Holiness is the second attribute of the church defined in the Nicene Creed. Of course, we must honestly admit that the church at various times in history has appeared far from holy. Too often we hear stories of church members acting no differently than the world around them, even indulging in the vilest of behaviors. To be sure, not every church member is actually a believer, and professed Christians who sin boldly without repentance are not Christians at all (James 2:26). Nevertheless, regenerate people sometimes commit heinous sins (Mark 14:66–72); thus, it is difficult to think of the corporate body as holy.
Looking at the Greek word that we translate into the English as “church” will help us understand what the holiness of the church really means. This term, ekklesia, literally means “the called out ones.” The church’s holiness lies in its being separated from the world, called by God to be a unique people whose vocation is to serve Him (1 Peter 2:9–10). Our Creator has made the church uncommon, a body set apart to live differently than the world.
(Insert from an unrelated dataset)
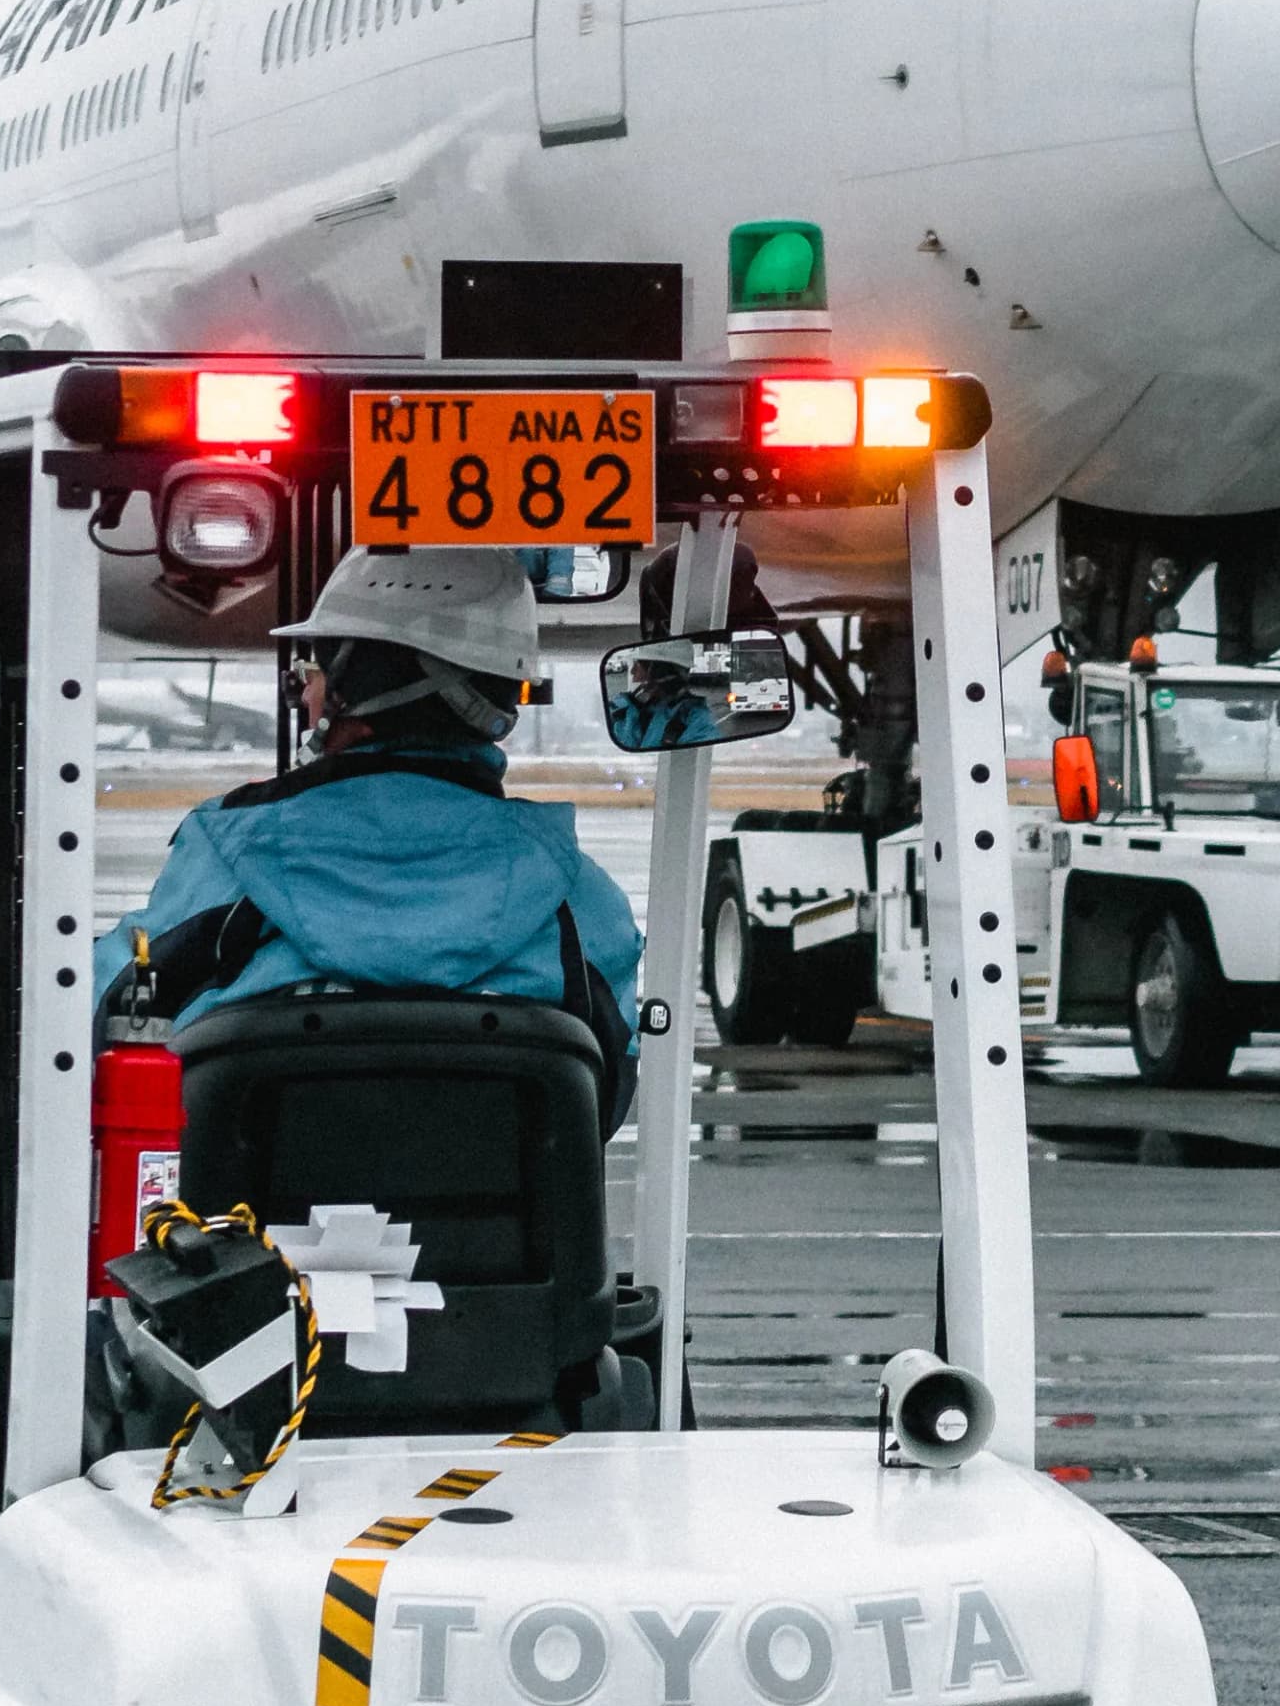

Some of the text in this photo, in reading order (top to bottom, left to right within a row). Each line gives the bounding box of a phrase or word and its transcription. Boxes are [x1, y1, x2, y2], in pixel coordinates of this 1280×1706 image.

[372, 401, 642, 443] RJTT ANA AS
[369, 454, 631, 530] 4882
[1008, 553, 1043, 613] 007
[393, 1590, 1026, 1705] TOYOTA
That Christians often fail in this vocation does not make their calling any less real. Positionally speaking, in Christ the church is always set apart as holy (1 Cor. 1:2). But the reality of this holiness in practice is something after which the church is always striving. God has declared us holy in His Son (we are “saints,” Eph. 1:1), and now, by the power of His Spirit, He is making us holy so that one day we might be without spot or wrinkle (5:25–27). Those called by the Spirit pursue sanctity, endeavoring to live up to the high calling of holiness.
The holiness of the church universal should make us take our membership in local congregations seriously. Were we to be convinced of the church’s holiness, we would not casually drift from one denomination to another. We would understand that to leave a church for reasons other than doctrine, distance, or to accept a call to service manifests a questioning of that church’s holiness, which is something we must not do lightly if God has said His church is holy.